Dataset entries
######

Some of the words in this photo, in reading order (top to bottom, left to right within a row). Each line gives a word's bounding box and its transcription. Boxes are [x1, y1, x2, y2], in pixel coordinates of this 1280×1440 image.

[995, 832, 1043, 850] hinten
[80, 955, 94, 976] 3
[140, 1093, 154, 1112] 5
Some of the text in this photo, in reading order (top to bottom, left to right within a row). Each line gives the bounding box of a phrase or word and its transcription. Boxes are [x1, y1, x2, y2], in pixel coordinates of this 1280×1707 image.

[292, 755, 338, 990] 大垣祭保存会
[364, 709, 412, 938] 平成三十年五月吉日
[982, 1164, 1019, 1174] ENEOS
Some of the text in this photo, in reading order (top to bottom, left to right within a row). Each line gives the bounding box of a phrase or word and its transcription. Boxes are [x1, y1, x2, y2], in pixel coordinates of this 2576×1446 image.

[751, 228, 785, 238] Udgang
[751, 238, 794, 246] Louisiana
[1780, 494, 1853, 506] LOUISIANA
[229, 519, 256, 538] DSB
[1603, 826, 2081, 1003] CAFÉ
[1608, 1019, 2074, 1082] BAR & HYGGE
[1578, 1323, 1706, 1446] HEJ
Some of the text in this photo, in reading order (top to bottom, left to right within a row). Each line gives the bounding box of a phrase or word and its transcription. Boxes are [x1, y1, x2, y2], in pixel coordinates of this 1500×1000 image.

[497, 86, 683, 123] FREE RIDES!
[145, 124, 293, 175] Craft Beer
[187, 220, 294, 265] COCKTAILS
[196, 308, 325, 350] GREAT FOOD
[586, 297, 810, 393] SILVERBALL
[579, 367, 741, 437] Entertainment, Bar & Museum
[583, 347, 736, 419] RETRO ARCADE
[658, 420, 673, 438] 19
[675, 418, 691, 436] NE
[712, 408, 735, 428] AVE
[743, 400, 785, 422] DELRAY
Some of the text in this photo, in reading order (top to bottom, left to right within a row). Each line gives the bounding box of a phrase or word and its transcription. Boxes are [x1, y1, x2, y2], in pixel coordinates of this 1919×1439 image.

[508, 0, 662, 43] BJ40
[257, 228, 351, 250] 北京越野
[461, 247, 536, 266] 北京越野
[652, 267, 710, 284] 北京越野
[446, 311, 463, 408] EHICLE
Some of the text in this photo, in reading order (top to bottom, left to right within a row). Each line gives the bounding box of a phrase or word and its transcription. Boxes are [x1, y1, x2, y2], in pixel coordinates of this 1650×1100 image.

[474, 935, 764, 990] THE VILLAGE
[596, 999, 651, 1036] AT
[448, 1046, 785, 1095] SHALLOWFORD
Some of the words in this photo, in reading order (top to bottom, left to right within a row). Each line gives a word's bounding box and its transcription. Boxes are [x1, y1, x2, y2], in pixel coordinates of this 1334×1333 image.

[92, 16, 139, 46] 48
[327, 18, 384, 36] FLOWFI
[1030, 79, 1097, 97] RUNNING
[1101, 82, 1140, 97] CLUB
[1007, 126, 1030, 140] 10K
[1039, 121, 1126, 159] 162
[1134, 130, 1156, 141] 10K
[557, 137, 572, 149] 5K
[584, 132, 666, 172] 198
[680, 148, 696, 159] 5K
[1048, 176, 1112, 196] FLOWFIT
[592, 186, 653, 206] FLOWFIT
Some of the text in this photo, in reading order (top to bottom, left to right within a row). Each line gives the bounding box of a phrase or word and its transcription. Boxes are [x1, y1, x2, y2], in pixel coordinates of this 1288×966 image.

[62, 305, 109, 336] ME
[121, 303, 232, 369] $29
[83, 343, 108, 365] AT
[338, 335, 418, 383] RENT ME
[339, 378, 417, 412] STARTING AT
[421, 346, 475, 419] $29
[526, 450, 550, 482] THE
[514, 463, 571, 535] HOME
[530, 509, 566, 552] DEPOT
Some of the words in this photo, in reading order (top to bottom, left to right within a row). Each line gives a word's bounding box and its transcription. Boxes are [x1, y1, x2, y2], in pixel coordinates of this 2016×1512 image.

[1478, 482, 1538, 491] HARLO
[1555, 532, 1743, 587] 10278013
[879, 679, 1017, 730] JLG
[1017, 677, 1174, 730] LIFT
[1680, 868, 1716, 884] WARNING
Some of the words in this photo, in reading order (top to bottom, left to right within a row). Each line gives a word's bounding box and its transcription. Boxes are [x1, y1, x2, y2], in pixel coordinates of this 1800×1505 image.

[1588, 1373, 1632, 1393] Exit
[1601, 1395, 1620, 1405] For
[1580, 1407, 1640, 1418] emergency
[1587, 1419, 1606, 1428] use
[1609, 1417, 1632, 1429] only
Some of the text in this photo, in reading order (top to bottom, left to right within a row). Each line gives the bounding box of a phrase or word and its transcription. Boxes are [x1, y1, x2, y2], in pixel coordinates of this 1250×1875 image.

######

# Exercise requirements
From the line containing "this 2016×1512 image." down to the last line of the records, transcribe every line exactly and add nothing else.

# Your solution
Some of the words in this photo, in reading order (top to bottom, left to right within a row). Each line gives a word's bounding box and its transcription. Boxes are [x1, y1, x2, y2], in pixel coordinates of this 2016×1512 image.

[1478, 482, 1538, 491] HARLO
[1555, 532, 1743, 587] 10278013
[879, 679, 1017, 730] JLG
[1017, 677, 1174, 730] LIFT
[1680, 868, 1716, 884] WARNING
Some of the words in this photo, in reading order (top to bottom, left to right within a row). Each line gives a word's bounding box and its transcription. Boxes are [x1, y1, x2, y2], in pixel coordinates of this 1800×1505 image.

[1588, 1373, 1632, 1393] Exit
[1601, 1395, 1620, 1405] For
[1580, 1407, 1640, 1418] emergency
[1587, 1419, 1606, 1428] use
[1609, 1417, 1632, 1429] only
Some of the text in this photo, in reading order (top to bottom, left to right within a row). Each line gives the bounding box of a phrase or word and its transcription. Boxes are [x1, y1, x2, y2], in pixel coordinates of this 1250×1875 image.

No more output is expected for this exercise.